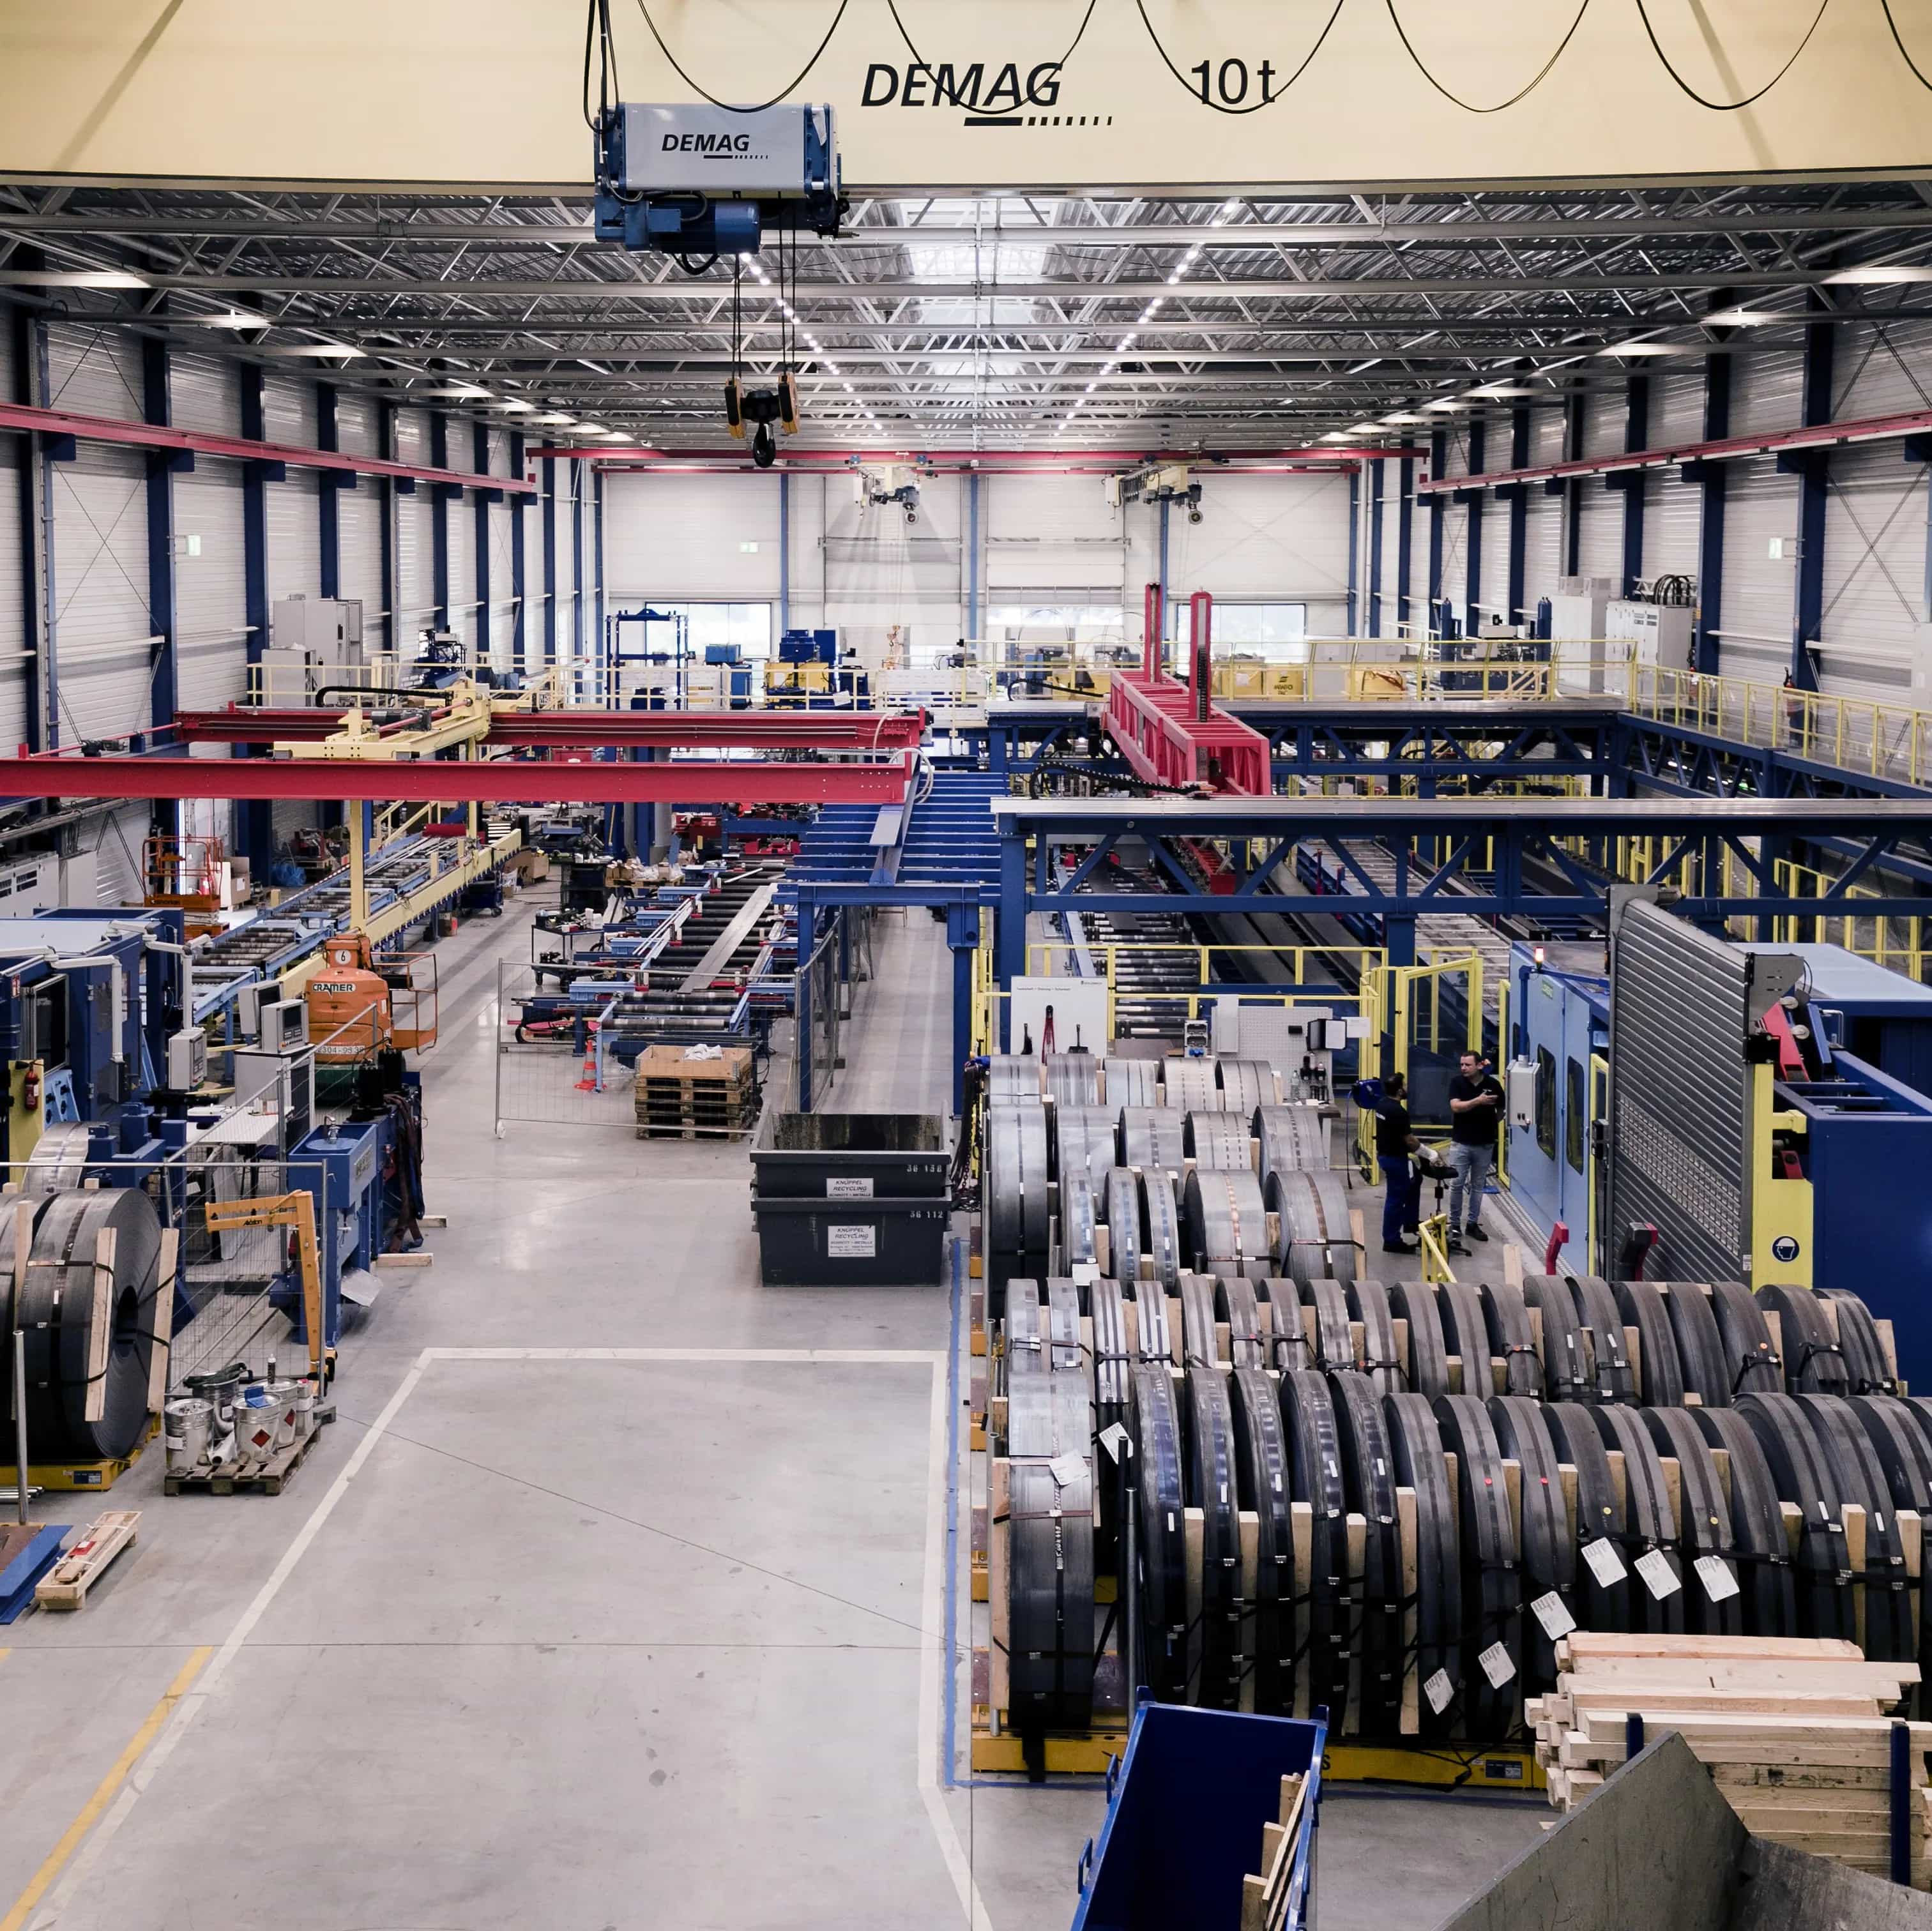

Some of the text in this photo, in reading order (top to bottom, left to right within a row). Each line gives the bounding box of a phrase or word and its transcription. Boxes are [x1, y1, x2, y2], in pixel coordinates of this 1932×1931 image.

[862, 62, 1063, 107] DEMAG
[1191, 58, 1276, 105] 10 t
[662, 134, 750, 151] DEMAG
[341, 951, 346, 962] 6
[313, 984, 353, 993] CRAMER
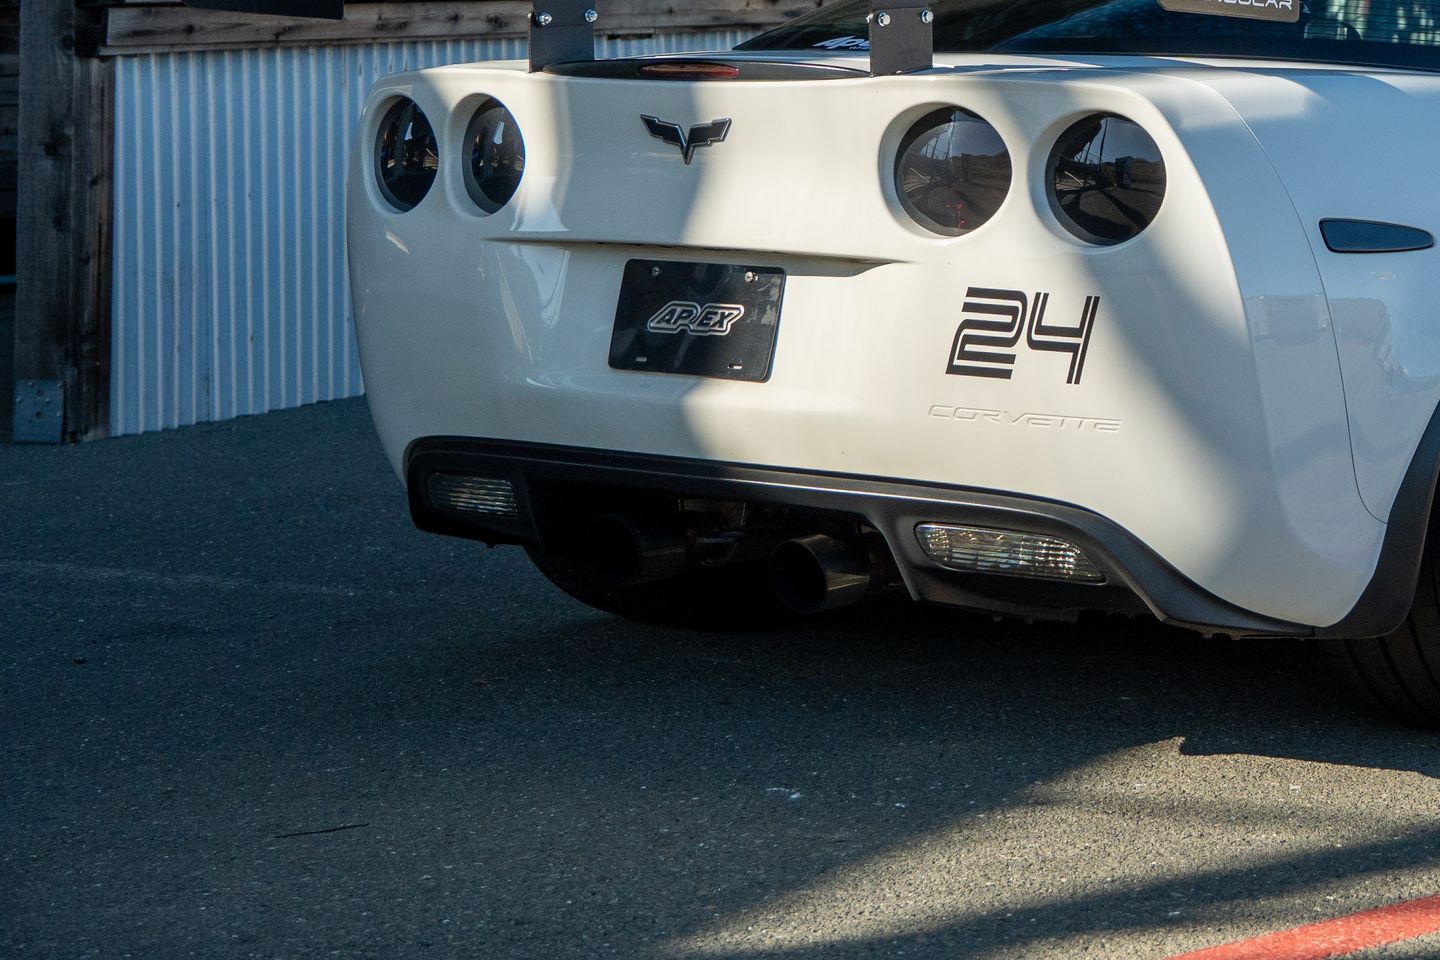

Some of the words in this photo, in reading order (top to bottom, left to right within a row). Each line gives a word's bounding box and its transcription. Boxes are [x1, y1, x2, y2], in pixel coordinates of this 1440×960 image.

**Work item:** Produce an exact copy of every line above, with the images left out.

**Finished exercise:**
Some of the text in this photo, in reading order (top to bottom, left to right within a row). Each line gives the bounding box of a phrase or word and its transcription. Boxes are [x1, y1, x2, y2], in pixel coordinates of this 1932×1931 image.

[862, 62, 1063, 107] DEMAG
[1191, 58, 1276, 105] 10 t
[662, 134, 750, 151] DEMAG
[341, 951, 346, 962] 6
[313, 984, 353, 993] CRAMER

Some of the words in this photo, in reading order (top to bottom, left to right within a row). Each line gives a word's bounding box and its transcription. Boxes are [x1, y1, x2, y2], in pixel coordinates of this 1440×960 image.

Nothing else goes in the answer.